» What to work on
Write an exact copy of the entries below that leaves out all pictures.

» Saved entries
================================
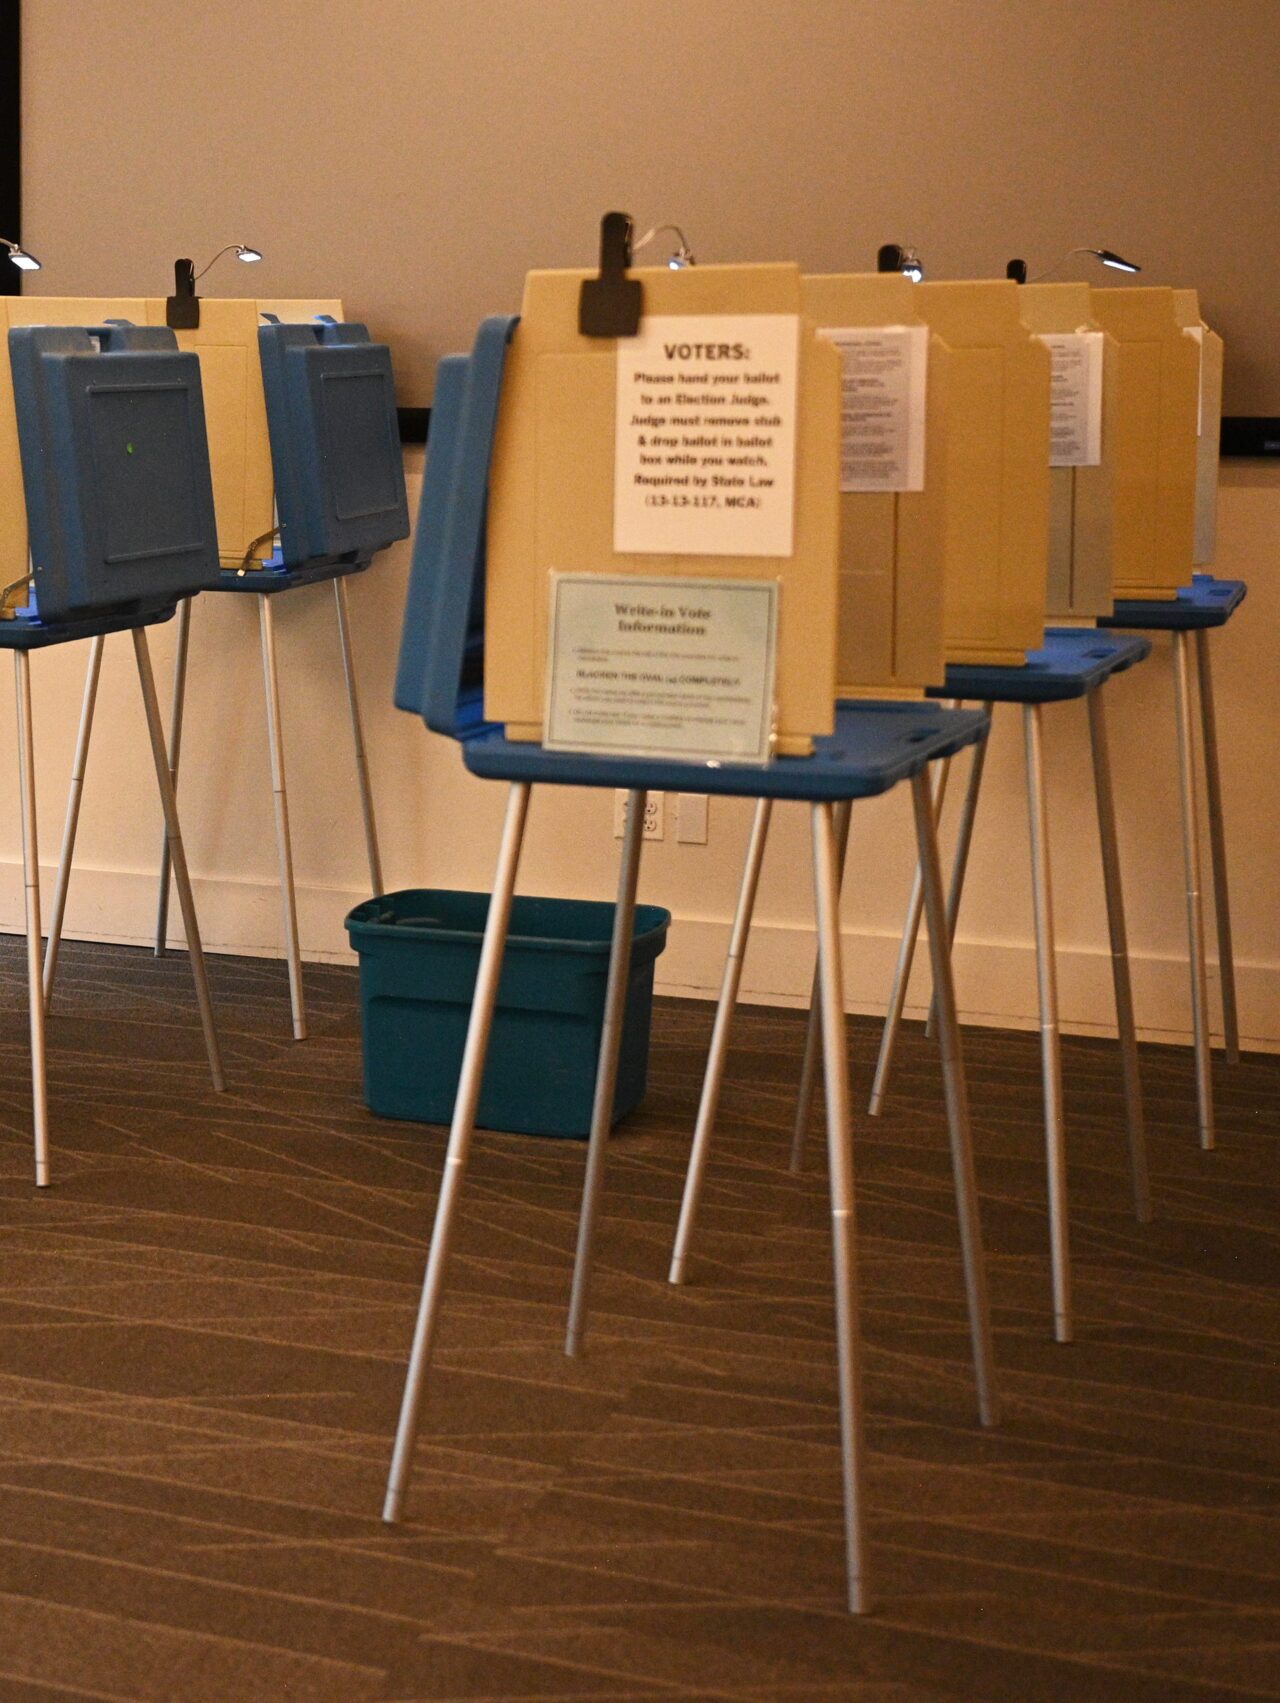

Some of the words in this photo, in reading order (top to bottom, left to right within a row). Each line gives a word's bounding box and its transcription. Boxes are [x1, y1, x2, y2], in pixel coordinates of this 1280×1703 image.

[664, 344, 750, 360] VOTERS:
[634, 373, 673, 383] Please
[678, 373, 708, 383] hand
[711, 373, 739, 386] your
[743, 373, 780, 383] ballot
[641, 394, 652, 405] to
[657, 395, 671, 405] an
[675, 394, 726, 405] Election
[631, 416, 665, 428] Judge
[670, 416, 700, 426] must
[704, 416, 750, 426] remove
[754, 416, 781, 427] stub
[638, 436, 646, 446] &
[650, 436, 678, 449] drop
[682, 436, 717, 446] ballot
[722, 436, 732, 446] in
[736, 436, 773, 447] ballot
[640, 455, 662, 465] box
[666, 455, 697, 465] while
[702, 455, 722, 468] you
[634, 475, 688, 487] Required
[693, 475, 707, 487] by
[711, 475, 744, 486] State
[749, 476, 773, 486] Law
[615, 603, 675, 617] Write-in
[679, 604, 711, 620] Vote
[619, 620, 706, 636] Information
================================
» Answer to this problem
Some of the words in this photo, in reading order (top to bottom, left to right within a row). Each line gives a word's bounding box and its transcription. Boxes are [x1, y1, x2, y2], in pixel coordinates of this 1280×1703 image.

[664, 344, 750, 360] VOTERS:
[634, 373, 673, 383] Please
[678, 373, 708, 383] hand
[711, 373, 739, 386] your
[743, 373, 780, 383] ballot
[641, 394, 652, 405] to
[657, 395, 671, 405] an
[675, 394, 726, 405] Election
[631, 416, 665, 428] Judge
[670, 416, 700, 426] must
[704, 416, 750, 426] remove
[754, 416, 781, 427] stub
[638, 436, 646, 446] &
[650, 436, 678, 449] drop
[682, 436, 717, 446] ballot
[722, 436, 732, 446] in
[736, 436, 773, 447] ballot
[640, 455, 662, 465] box
[666, 455, 697, 465] while
[702, 455, 722, 468] you
[634, 475, 688, 487] Required
[693, 475, 707, 487] by
[711, 475, 744, 486] State
[749, 476, 773, 486] Law
[615, 603, 675, 617] Write-in
[679, 604, 711, 620] Vote
[619, 620, 706, 636] Information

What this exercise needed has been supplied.